A ROTA CULTURAL ESCRAVOCRATA

 

Luiz Fernando da Silva Anastácio

 

RESUMO

 

Este artigo tem como proposição denunciar a experiência vivida no Benim no ano de 2019. Nesta ocasião, ocorreu o encontro entre artistas da dança do Brasil, Benim e Portugal, uma imersão de trocas que possibilitou perceber que o processo de escravismo ainda existe de forma muito vívida e que todos personagens da escravidão romantizada estão referenciados na contemporaneidade. O corpo negro, marcado pela violência histórica da escravidão, vivencia o racismo enquanto um projeto estruturado em uma polarização que parte da idéia de dominação, em um processo de violência escravocrata distinta em camadas. Quando pensamos em escravidão, na maioria das vezes, o que ressoa na mente é a dominação e os maus tratos ao corpo, causando sentimentos de empatia, revolta ou objetificação do ser, que dialogam com uma camada do racismo: a desumanização e humanização gerada a partir da noção de poder. Poucas vezes, quando se fala da escravidão ou de corpos escravizados, está em foco o conhecimento que estes corpos têm ou desenvolvem e o fato de que, muitas vezes, esse conhecimento também é e faz parte da estrutura escravocrata. Se posicionarmos que o racismo é uma invenção moderna como configuração de atuação e que essa concepção inventiva se utiliza e se nutre das relações mentais como arma de poder, é ingênuo pensar que o processo escravocrata marca apenas o corpo. A própria proposição moderna de separar corpo e mente institui e corrobora para a sustentação do pensamento racista e para as relações de poder advindas deste sistema. Todo o “arquétipo” de conhecimento do corpo negro, seja ele em seu território ou em trânsito, é visto como uma potência a ser desenvolvida.
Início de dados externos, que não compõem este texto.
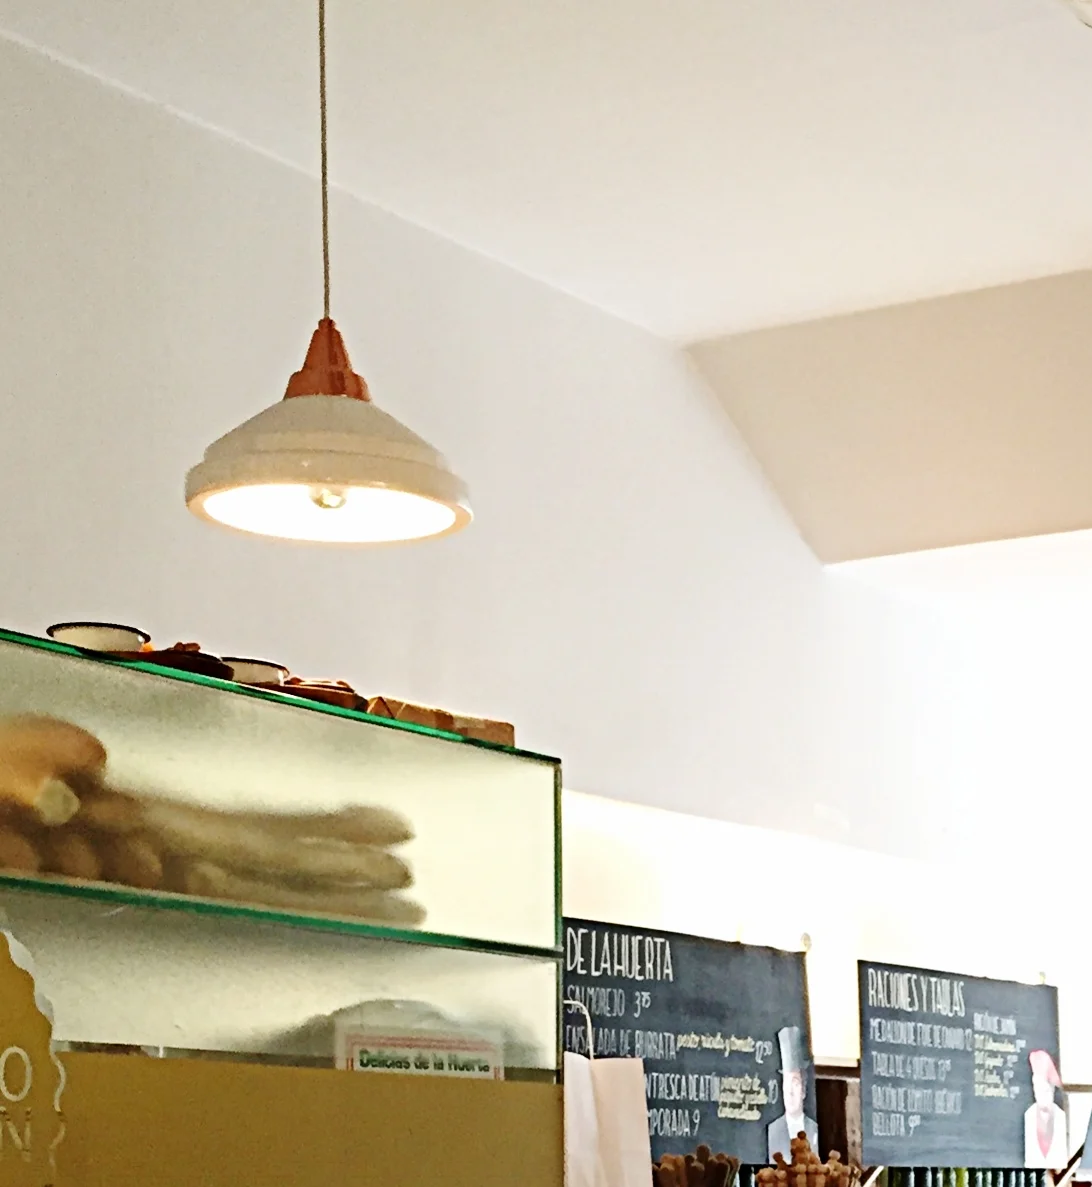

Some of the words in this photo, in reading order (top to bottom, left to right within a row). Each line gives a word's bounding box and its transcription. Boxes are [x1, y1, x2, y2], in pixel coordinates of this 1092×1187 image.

Quando esse conhecimento é supostamente capturado, passa a ser barganhado como moeda de troca para que o pensamento “separativista” de corpo e mente entre com seu repertório na promessa de salvar-lhe a “Alma”, desembocando em três fatores relacionais: Colonialismo, Eurocentrismo e Racismo, os “ismos” doentios do homem moderno, respaldados pelo conjunto de idéias doutrinárias a alimentar o sistema escravocrata. O corpo que morre leva consigo sua biblioteca. Como Achille Mbembe sempre retoma ao refletir sobre necropolítica: morrer não está somente na literalidade de findar-se enquanto vida, está também na impossibilidade de existir enquanto ser vivente.